■ **Assignment**
Copy out the records again. Change nothing.

━━ Provided entries

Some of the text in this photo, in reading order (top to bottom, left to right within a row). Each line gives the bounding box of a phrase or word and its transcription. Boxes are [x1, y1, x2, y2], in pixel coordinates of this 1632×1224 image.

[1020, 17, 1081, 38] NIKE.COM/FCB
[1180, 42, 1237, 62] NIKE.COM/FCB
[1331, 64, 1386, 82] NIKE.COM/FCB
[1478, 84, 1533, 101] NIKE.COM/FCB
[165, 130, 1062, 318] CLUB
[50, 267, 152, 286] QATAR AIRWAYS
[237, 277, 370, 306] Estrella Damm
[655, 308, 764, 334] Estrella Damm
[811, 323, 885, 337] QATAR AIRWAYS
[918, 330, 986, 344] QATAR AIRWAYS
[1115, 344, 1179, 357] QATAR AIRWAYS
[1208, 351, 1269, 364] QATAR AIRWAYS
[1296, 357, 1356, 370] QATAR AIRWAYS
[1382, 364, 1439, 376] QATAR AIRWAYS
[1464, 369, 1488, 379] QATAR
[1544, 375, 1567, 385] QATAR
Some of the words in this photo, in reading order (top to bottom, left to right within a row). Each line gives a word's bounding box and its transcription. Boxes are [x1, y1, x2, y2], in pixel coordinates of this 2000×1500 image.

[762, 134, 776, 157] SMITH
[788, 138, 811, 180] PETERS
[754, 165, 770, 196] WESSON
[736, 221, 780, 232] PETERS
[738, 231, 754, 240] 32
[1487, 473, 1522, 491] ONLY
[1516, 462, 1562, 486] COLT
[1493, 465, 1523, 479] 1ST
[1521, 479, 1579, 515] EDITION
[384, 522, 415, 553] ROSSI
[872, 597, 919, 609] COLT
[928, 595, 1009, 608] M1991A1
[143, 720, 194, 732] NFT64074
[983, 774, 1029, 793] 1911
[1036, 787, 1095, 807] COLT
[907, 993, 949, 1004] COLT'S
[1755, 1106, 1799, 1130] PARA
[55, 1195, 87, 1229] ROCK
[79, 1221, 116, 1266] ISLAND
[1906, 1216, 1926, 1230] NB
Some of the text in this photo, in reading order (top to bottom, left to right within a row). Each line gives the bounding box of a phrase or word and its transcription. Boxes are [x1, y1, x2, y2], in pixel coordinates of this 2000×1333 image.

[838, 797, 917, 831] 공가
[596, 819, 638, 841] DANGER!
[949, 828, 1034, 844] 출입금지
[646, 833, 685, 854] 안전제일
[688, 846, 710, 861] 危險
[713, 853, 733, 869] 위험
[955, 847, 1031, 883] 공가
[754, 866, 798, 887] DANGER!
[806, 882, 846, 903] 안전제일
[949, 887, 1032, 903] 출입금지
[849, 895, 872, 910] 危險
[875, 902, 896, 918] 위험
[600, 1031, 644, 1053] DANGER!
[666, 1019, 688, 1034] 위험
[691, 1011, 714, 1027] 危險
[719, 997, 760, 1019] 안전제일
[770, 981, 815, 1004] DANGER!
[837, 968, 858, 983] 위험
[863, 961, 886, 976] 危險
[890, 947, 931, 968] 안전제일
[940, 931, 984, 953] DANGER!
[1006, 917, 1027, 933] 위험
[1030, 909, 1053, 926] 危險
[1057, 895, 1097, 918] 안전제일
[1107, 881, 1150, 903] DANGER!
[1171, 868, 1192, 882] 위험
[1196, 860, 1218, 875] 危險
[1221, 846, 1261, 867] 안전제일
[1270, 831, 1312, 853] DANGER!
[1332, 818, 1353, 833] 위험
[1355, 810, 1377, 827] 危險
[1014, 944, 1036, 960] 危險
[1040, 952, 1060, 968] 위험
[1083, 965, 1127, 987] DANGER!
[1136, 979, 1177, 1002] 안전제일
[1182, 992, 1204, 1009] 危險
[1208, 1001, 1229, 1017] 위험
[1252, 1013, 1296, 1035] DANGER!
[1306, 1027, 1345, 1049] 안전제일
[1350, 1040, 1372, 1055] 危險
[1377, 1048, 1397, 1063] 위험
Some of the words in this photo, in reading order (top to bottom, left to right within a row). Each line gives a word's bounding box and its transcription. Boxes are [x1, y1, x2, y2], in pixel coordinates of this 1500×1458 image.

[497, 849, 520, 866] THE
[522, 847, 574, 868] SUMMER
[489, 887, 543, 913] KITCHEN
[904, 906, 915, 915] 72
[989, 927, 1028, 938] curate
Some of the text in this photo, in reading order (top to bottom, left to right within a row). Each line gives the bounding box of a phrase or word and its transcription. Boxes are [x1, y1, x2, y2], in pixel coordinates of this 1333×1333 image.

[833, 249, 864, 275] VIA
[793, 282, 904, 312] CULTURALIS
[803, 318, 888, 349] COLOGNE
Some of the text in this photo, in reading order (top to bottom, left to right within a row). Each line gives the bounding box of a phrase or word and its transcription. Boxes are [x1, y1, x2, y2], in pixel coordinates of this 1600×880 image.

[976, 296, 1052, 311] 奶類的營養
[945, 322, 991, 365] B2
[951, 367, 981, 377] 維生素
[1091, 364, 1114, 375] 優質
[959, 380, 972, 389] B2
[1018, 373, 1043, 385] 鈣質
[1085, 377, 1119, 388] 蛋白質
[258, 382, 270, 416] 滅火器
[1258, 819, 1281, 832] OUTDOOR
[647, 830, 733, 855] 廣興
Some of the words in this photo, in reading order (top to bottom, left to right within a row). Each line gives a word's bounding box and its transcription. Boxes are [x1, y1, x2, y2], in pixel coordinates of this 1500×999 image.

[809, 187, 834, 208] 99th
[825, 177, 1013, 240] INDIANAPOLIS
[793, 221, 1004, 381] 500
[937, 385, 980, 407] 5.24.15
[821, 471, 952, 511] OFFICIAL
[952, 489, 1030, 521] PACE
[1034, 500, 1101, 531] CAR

━━━━

■ **Task result**
Some of the text in this photo, in reading order (top to bottom, left to right within a row). Each line gives the bounding box of a phrase or word and its transcription. Boxes are [x1, y1, x2, y2], in pixel coordinates of this 1632×1224 image.

[1020, 17, 1081, 38] NIKE.COM/FCB
[1180, 42, 1237, 62] NIKE.COM/FCB
[1331, 64, 1386, 82] NIKE.COM/FCB
[1478, 84, 1533, 101] NIKE.COM/FCB
[165, 130, 1062, 318] CLUB
[50, 267, 152, 286] QATAR AIRWAYS
[237, 277, 370, 306] Estrella Damm
[655, 308, 764, 334] Estrella Damm
[811, 323, 885, 337] QATAR AIRWAYS
[918, 330, 986, 344] QATAR AIRWAYS
[1115, 344, 1179, 357] QATAR AIRWAYS
[1208, 351, 1269, 364] QATAR AIRWAYS
[1296, 357, 1356, 370] QATAR AIRWAYS
[1382, 364, 1439, 376] QATAR AIRWAYS
[1464, 369, 1488, 379] QATAR
[1544, 375, 1567, 385] QATAR
Some of the words in this photo, in reading order (top to bottom, left to right within a row). Each line gives a word's bounding box and its transcription. Boxes are [x1, y1, x2, y2], in pixel coordinates of this 2000×1500 image.

[762, 134, 776, 157] SMITH
[788, 138, 811, 180] PETERS
[754, 165, 770, 196] WESSON
[736, 221, 780, 232] PETERS
[738, 231, 754, 240] 32
[1487, 473, 1522, 491] ONLY
[1516, 462, 1562, 486] COLT
[1493, 465, 1523, 479] 1ST
[1521, 479, 1579, 515] EDITION
[384, 522, 415, 553] ROSSI
[872, 597, 919, 609] COLT
[928, 595, 1009, 608] M1991A1
[143, 720, 194, 732] NFT64074
[983, 774, 1029, 793] 1911
[1036, 787, 1095, 807] COLT
[907, 993, 949, 1004] COLT'S
[1755, 1106, 1799, 1130] PARA
[55, 1195, 87, 1229] ROCK
[79, 1221, 116, 1266] ISLAND
[1906, 1216, 1926, 1230] NB
Some of the text in this photo, in reading order (top to bottom, left to right within a row). Each line gives the bounding box of a phrase or word and its transcription. Boxes are [x1, y1, x2, y2], in pixel coordinates of this 2000×1333 image.

[838, 797, 917, 831] 공가
[596, 819, 638, 841] DANGER!
[949, 828, 1034, 844] 출입금지
[646, 833, 685, 854] 안전제일
[688, 846, 710, 861] 危險
[713, 853, 733, 869] 위험
[955, 847, 1031, 883] 공가
[754, 866, 798, 887] DANGER!
[806, 882, 846, 903] 안전제일
[949, 887, 1032, 903] 출입금지
[849, 895, 872, 910] 危險
[875, 902, 896, 918] 위험
[600, 1031, 644, 1053] DANGER!
[666, 1019, 688, 1034] 위험
[691, 1011, 714, 1027] 危險
[719, 997, 760, 1019] 안전제일
[770, 981, 815, 1004] DANGER!
[837, 968, 858, 983] 위험
[863, 961, 886, 976] 危險
[890, 947, 931, 968] 안전제일
[940, 931, 984, 953] DANGER!
[1006, 917, 1027, 933] 위험
[1030, 909, 1053, 926] 危險
[1057, 895, 1097, 918] 안전제일
[1107, 881, 1150, 903] DANGER!
[1171, 868, 1192, 882] 위험
[1196, 860, 1218, 875] 危險
[1221, 846, 1261, 867] 안전제일
[1270, 831, 1312, 853] DANGER!
[1332, 818, 1353, 833] 위험
[1355, 810, 1377, 827] 危險
[1014, 944, 1036, 960] 危險
[1040, 952, 1060, 968] 위험
[1083, 965, 1127, 987] DANGER!
[1136, 979, 1177, 1002] 안전제일
[1182, 992, 1204, 1009] 危險
[1208, 1001, 1229, 1017] 위험
[1252, 1013, 1296, 1035] DANGER!
[1306, 1027, 1345, 1049] 안전제일
[1350, 1040, 1372, 1055] 危險
[1377, 1048, 1397, 1063] 위험
Some of the words in this photo, in reading order (top to bottom, left to right within a row). Each line gives a word's bounding box and its transcription. Boxes are [x1, y1, x2, y2], in pixel coordinates of this 1500×1458 image.

[497, 849, 520, 866] THE
[522, 847, 574, 868] SUMMER
[489, 887, 543, 913] KITCHEN
[904, 906, 915, 915] 72
[989, 927, 1028, 938] curate
Some of the text in this photo, in reading order (top to bottom, left to right within a row). Each line gives the bounding box of a phrase or word and its transcription. Boxes are [x1, y1, x2, y2], in pixel coordinates of this 1333×1333 image.

[833, 249, 864, 275] VIA
[793, 282, 904, 312] CULTURALIS
[803, 318, 888, 349] COLOGNE
Some of the text in this photo, in reading order (top to bottom, left to right within a row). Each line gives the bounding box of a phrase or word and its transcription. Boxes are [x1, y1, x2, y2], in pixel coordinates of this 1600×880 image.

[976, 296, 1052, 311] 奶類的營養
[945, 322, 991, 365] B2
[951, 367, 981, 377] 維生素
[1091, 364, 1114, 375] 優質
[959, 380, 972, 389] B2
[1018, 373, 1043, 385] 鈣質
[1085, 377, 1119, 388] 蛋白質
[258, 382, 270, 416] 滅火器
[1258, 819, 1281, 832] OUTDOOR
[647, 830, 733, 855] 廣興
Some of the words in this photo, in reading order (top to bottom, left to right within a row). Each line gives a word's bounding box and its transcription. Boxes are [x1, y1, x2, y2], in pixel coordinates of this 1500×999 image.

[809, 187, 834, 208] 99th
[825, 177, 1013, 240] INDIANAPOLIS
[793, 221, 1004, 381] 500
[937, 385, 980, 407] 5.24.15
[821, 471, 952, 511] OFFICIAL
[952, 489, 1030, 521] PACE
[1034, 500, 1101, 531] CAR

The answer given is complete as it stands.